“2024 1 Mayıs’ı ve Barikatı Aşmanın Yolu” konulu söyleşimizi 12 Mayıs tarihinde gerçekleştirdik. İki turdan oluşan söyleşide, konuşmacı yoldaş ilk turda özetle şu vurguları yaptı:
“1 Mayıslar solun ve işçi sınıfının mücadelesini değerlendirmek için önemli çıktılar sunar. 2024 1 Mayıs’ı ve Taksim tartışmalarının özdeşleştiği bir atmosferde 1 Mayıs değerlendirmeleri de bu çerçevede gerçekleşti. 1 Mayıs’ta Taksim’e çıkmayı hedeflemek ve bu günü orada kutlamak elbette hedeflenebilir ve meşrudur. Biz de bulunduğumuz platforma Taksim’e çıkılacaksa DİSK’i/CHP’yi beklemeden bunun başvurusunu kendimiz yapma önerisiyle gittik. Bu yönde bir tutum alınmadığından platformdan ayrılarak 1 Mayıs’ı, 1 Mayıs Mahallesi’nde yapılan çağrıya katılarak kutladık. 1 Mayıs’ta da Saraçhane’de ve çalışma yürüttüğümüz mahallelerde Taksim’in burjuva muhalefeti iteklemekle açılamayacağını anlatan özel sayımızı dağıttık.

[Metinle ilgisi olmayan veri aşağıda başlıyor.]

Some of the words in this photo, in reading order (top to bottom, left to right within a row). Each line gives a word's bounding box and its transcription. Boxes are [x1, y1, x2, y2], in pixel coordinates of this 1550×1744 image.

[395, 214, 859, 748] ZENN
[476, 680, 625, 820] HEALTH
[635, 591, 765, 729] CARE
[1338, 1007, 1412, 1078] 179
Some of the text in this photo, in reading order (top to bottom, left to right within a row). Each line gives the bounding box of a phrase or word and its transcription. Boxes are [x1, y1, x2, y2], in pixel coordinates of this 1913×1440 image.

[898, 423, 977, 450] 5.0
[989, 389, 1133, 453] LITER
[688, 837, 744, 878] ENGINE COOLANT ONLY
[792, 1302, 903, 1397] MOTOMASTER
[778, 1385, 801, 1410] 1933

Dünya, 1 Mayıs’a; ABD’nin emperyalist güç olarak zayıfladığı, emperyalist çelişkilerin arttığı, savaşların arttığı ama istense de bunların bitirilemediği bir dönemeçte girdi. Türkiye’de ise rejim krizinin içinde debelenen, gerileme sürecinde olan, cumhurbaşkanlığını devam ettirmesine rağmen MHP’den kurtulmaya çalışan ama kurtulamayan ve ondan kurtulmak için CHP’ye muhtaç olan, tüm bu çerçevede yumuşama/uzlaşma çizgisini tutarlı biçimde sürdüremeyen Erdoğan var.

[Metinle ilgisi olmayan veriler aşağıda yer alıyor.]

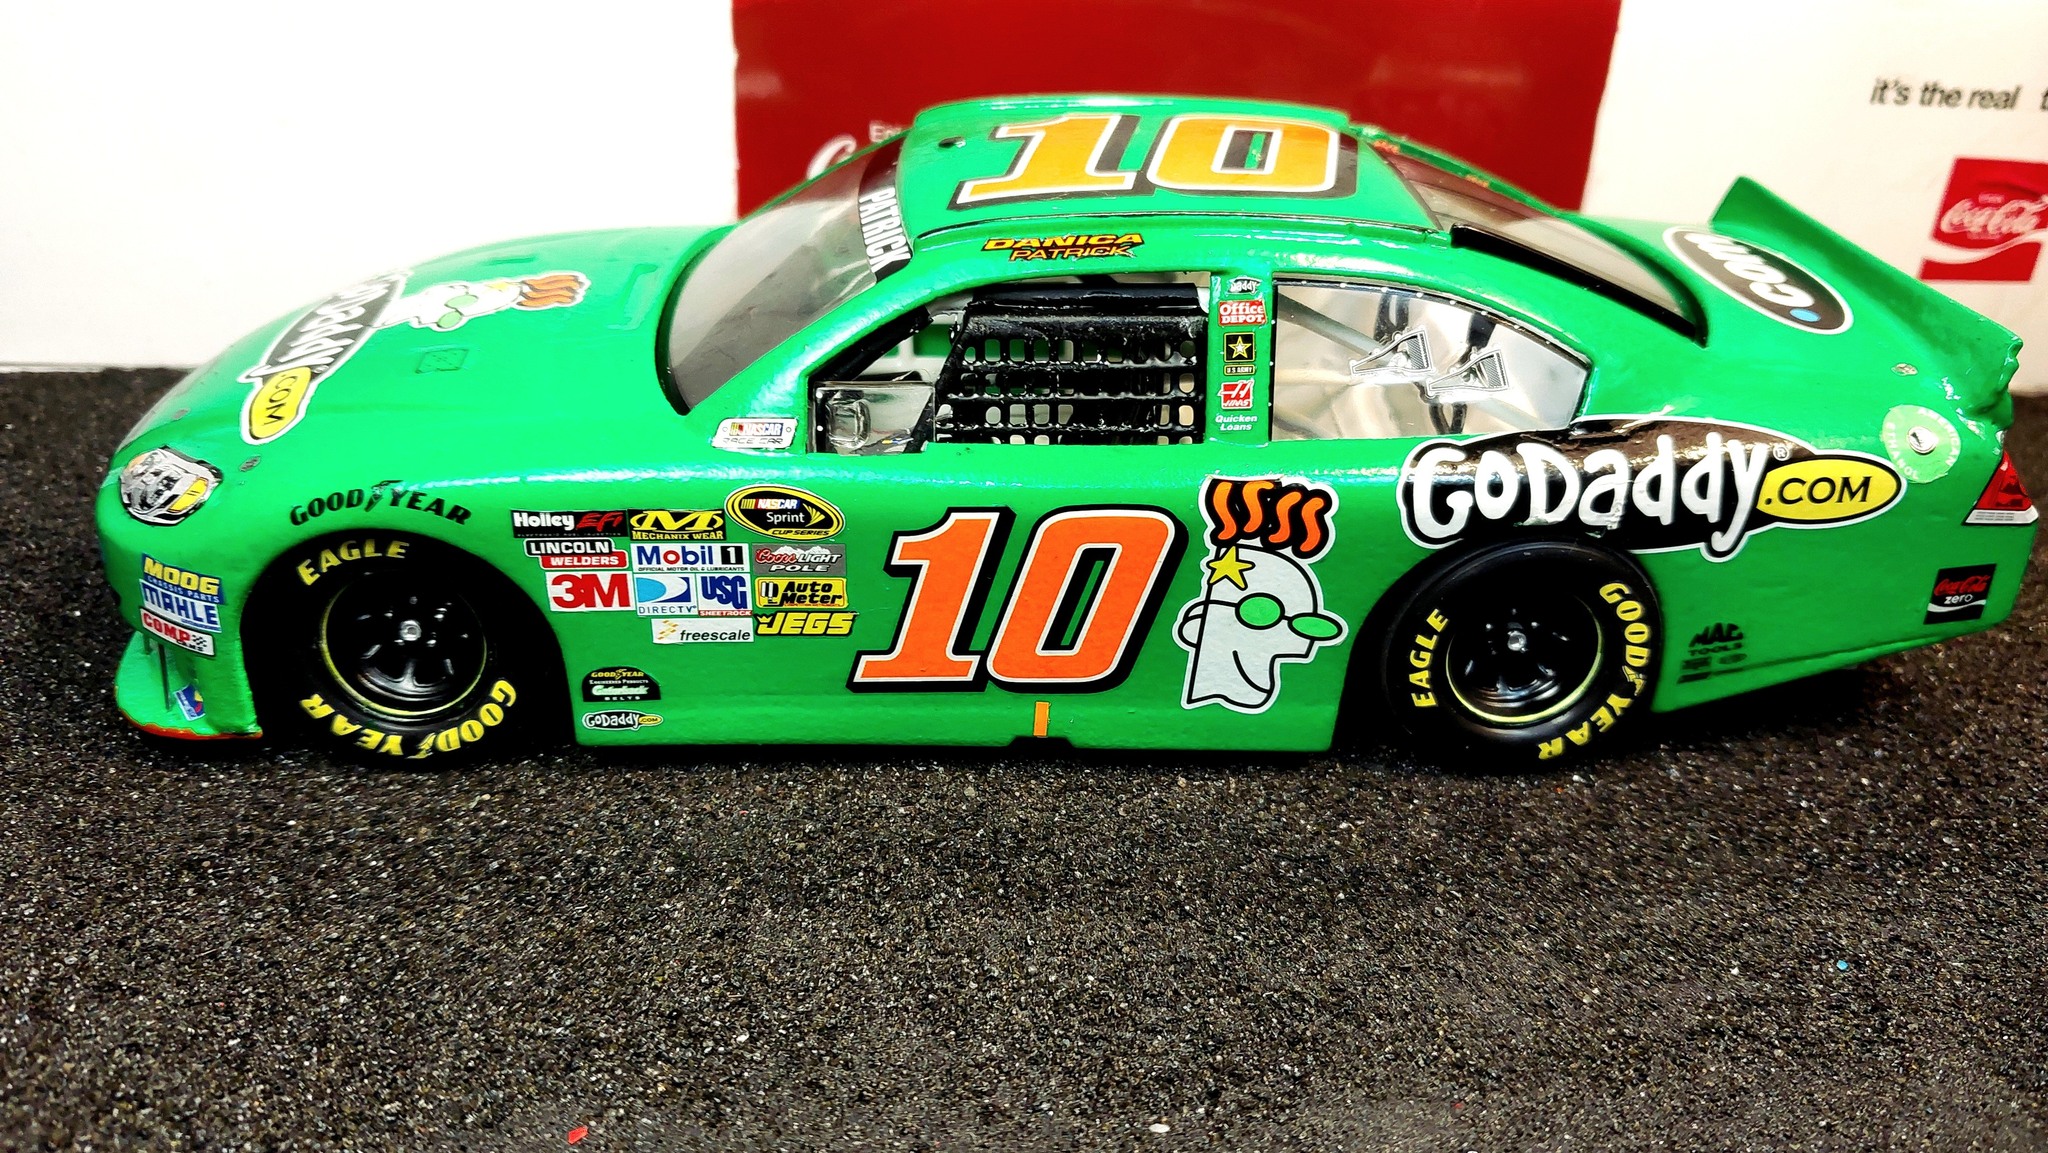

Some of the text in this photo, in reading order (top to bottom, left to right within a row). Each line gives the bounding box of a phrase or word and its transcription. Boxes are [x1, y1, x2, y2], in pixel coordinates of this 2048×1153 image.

1 Mayıs değerlendirmemiz, seçim süreçleriyle de ilişkilidir. Taksim ısrarının sebeplerinden biri, Van eylemlerinde de görüldüğü üzere seçimlerin emekçilerde yarattığı umuttur. Ancak AKP’nin yumuşama sinyalleri verse de bu zayıf durumunda Taksim’i açmayacağı bizim açımızdan açıktı. CHP açısından, yaptığı sokak çağrısı; 2 Mayıs’ta gerçekleşen Erdoğan-Özel görüşmesinin de bir göstergesi olarak kitleleri kendi kontrolünde tuttuğunu göstereceği bir araçtı. Sol cephesinden; mücadelesinde izlediği çizgi seçimlerden ibaret değildi. Seçimlerde Erdoğan’ı geriletme olarak adlandırılan muhalefet çizgisini 1 Mayıs’ta da görmüş olduk.
Solun Saraçhane değerlendirmelerindeki en azından anlamlı bir kitlenin bir araya gelmesi, Taksim’in zorlanması gibi muhtelif durumlar, solun seçim değerlendirmeleriyle de örtüşüyordu. Öte yandan kimi kesimler, Saraçhane’deki ayrışmayı, çatışanları devrimci akımlar olarak değerlendirdi.
Uzaklaşarak çerçeveye baktığımızda, çelişkili bir süreç tarif ediyoruz. Emekçilerin kendine güvendiği, sokağa çıkmaya sıcak baktığı bir durumda, tarif edilen bir miting alanı vardı. O da Saraçhane’ydi. Esasen Saraçhane çağrısı basılmaması gereken bir tuzaktı. Taksim zorlamalarındaysa ortak olan belirsiz çağrılar vardı. Ortak bir eylem iradesi ve onu gerçekleştirmeye yönelik bir tutum yoktu. İçerisinde bulunduğumuz platform da bütünlüklü bir tutum alamadı. Saraçhane’ye katılmama nedenimiz orada CHP’nin bulunması da değildi. Taksim iradesinin kırılması anlamıyla buranın bir tuzak olduğunu söyledik. Saraçhane’de özel sayılarımızı dağıtarak da bunu anlatmaya çalıştık.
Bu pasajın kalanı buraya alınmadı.